■ **Work task**: When you retype the data, keep every word exactly and include none of the pictures.

Spatial localization data

--- START ---

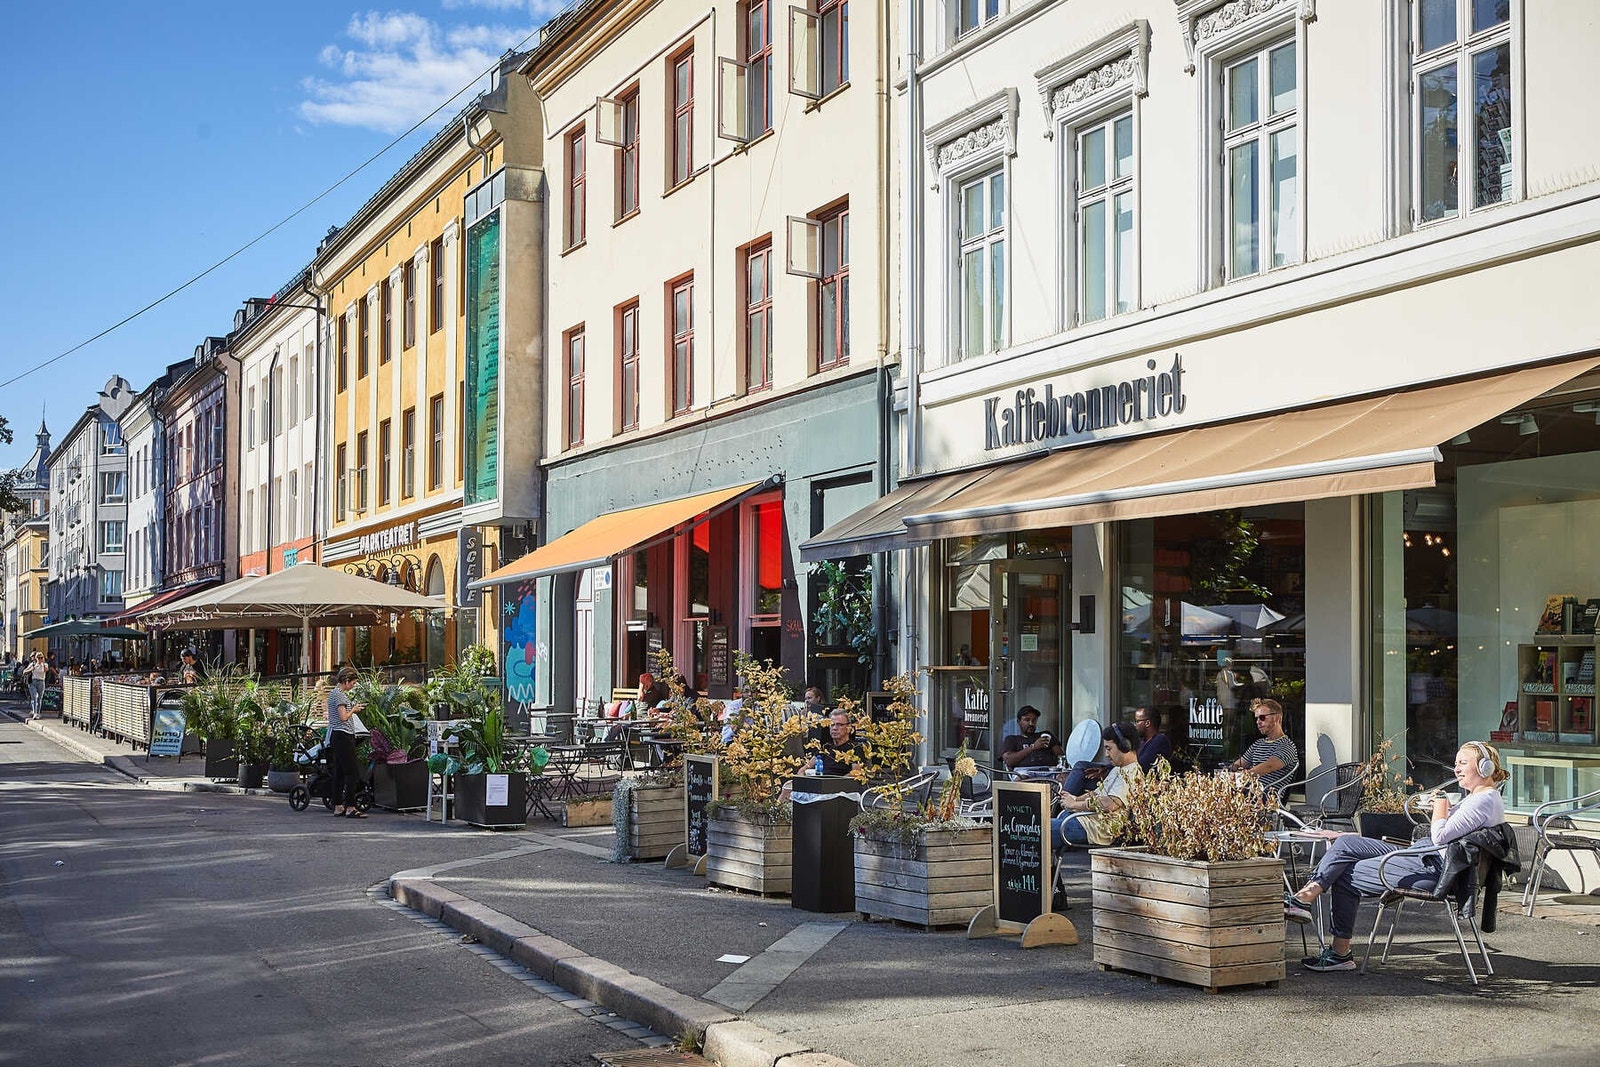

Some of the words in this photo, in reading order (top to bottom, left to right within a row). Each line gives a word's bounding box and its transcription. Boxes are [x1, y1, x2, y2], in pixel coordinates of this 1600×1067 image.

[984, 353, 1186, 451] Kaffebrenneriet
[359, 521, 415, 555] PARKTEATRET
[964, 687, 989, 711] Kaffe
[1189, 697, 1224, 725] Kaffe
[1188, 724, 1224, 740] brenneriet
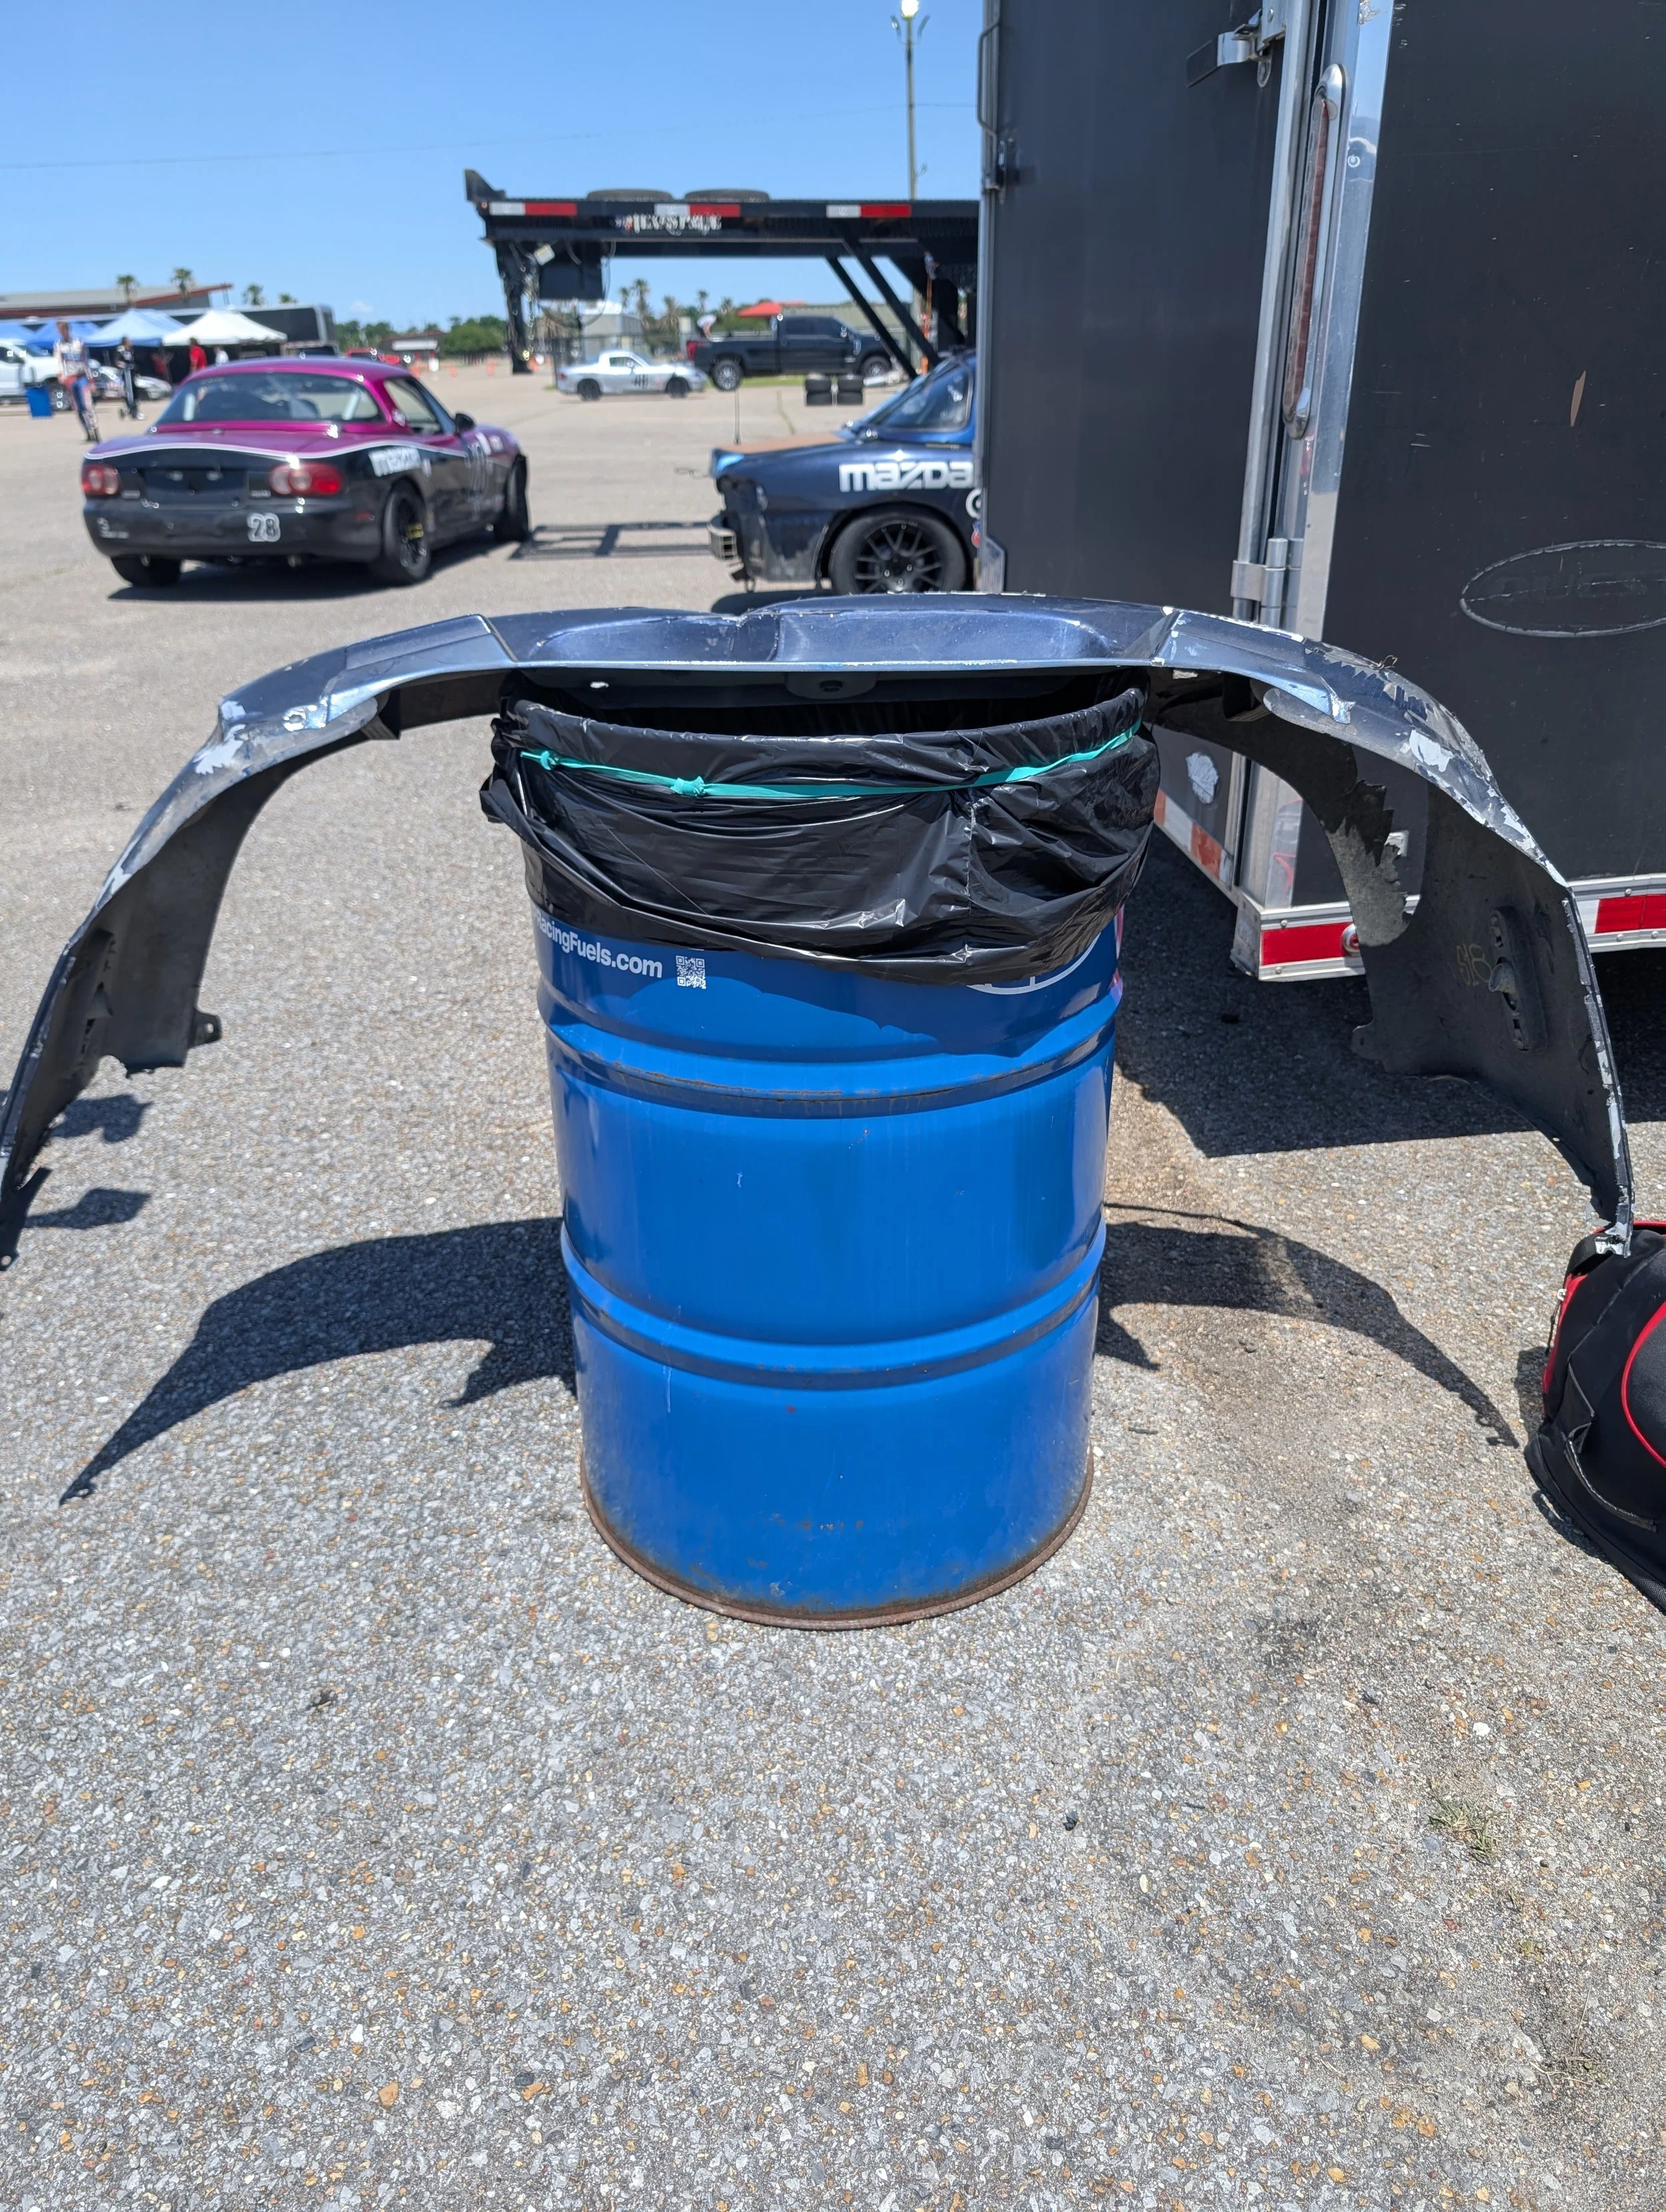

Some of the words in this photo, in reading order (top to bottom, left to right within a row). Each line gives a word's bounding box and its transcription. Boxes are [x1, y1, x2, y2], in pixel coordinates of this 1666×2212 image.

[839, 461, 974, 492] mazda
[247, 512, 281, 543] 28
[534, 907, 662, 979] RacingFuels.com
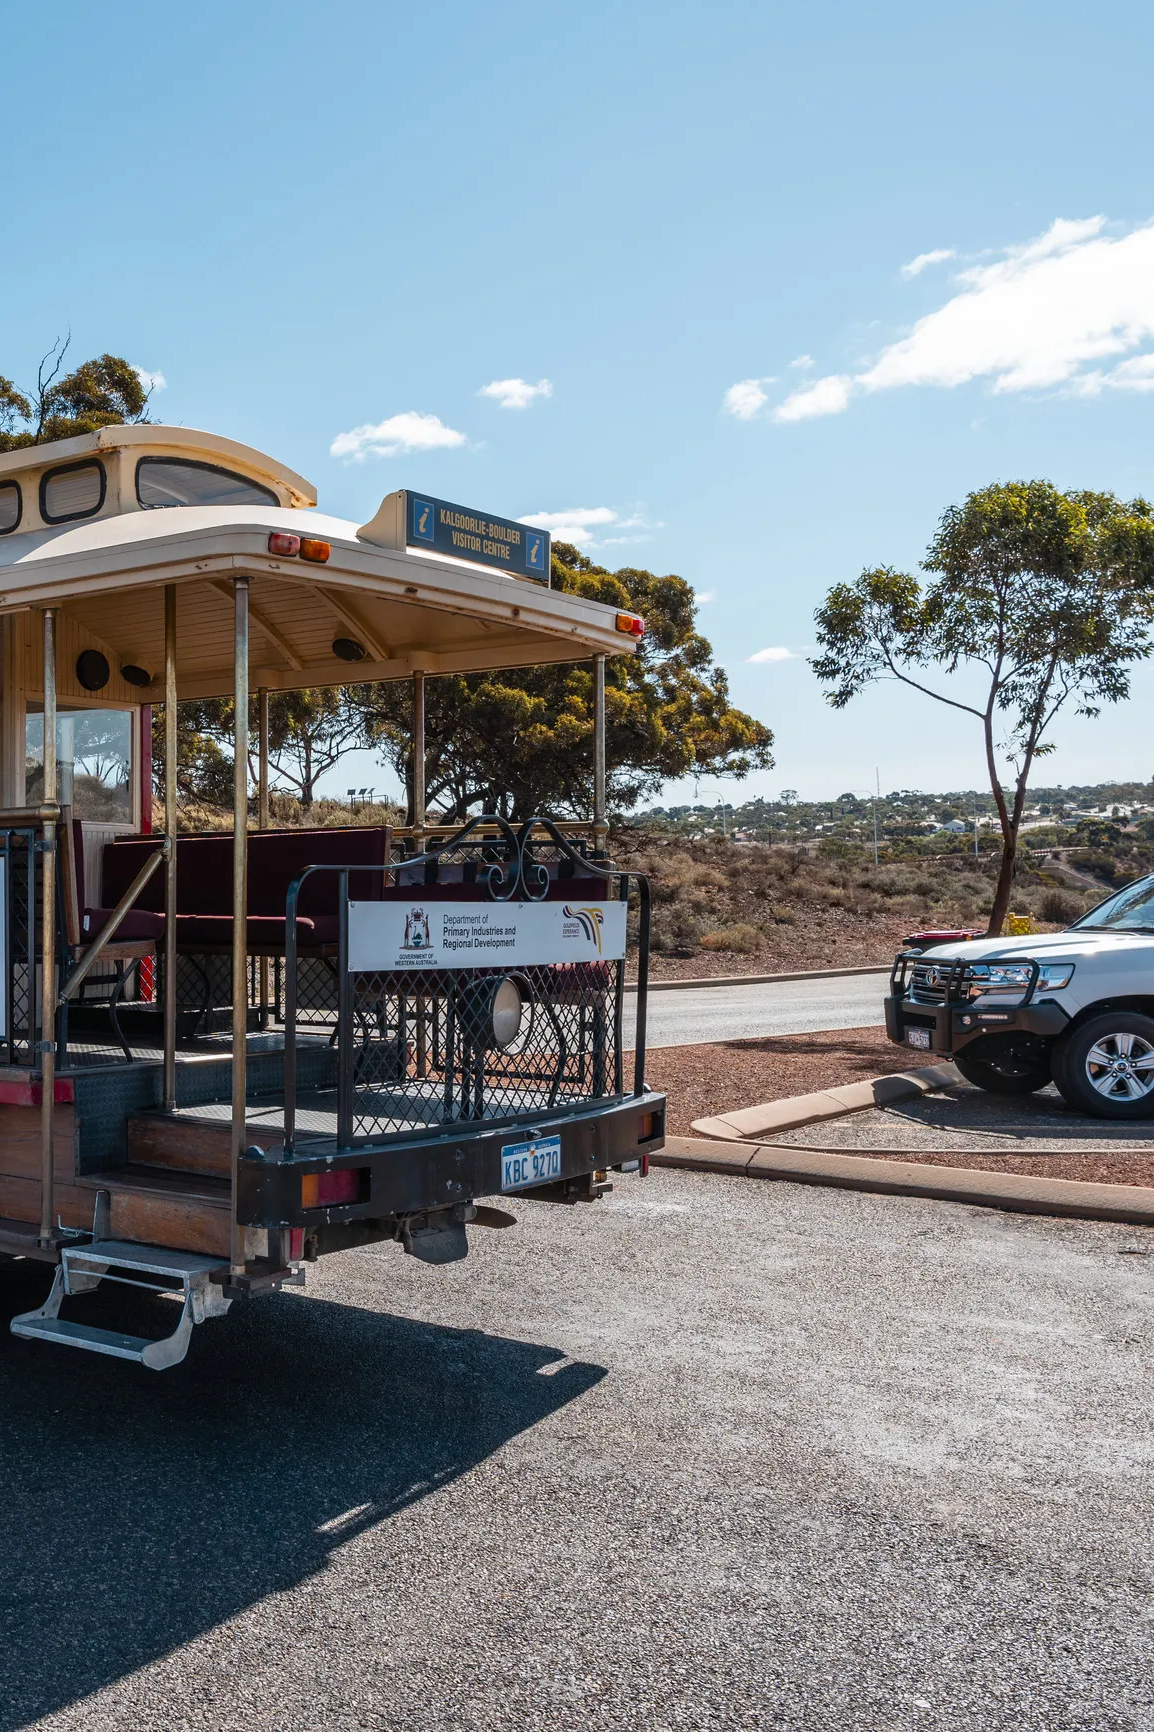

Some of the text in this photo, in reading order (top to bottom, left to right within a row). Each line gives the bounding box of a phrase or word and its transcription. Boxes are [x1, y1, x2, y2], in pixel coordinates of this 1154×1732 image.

--- END ---

■ **Output for this task**:
Some of the words in this photo, in reading order (top to bottom, left to right within a row). Each line gives a word's bounding box and its transcription. Boxes are [x1, y1, x2, y2], in pixel coordinates of this 1600×1067 image.

[984, 353, 1186, 451] Kaffebrenneriet
[359, 521, 415, 555] PARKTEATRET
[964, 687, 989, 711] Kaffe
[1189, 697, 1224, 725] Kaffe
[1188, 724, 1224, 740] brenneriet

Some of the words in this photo, in reading order (top to bottom, left to right within a row). Each line gives a word's bounding box and its transcription. Boxes are [x1, y1, x2, y2], in pixel coordinates of this 1666×2212 image.

[839, 461, 974, 492] mazda
[247, 512, 281, 543] 28
[534, 907, 662, 979] RacingFuels.com

Some of the text in this photo, in reading order (top to bottom, left to right within a row). Each line gives the bounding box of a phrase or word and its transcription. Boxes are [x1, y1, x2, y2], in pixel coordinates of this 1154×1732 image.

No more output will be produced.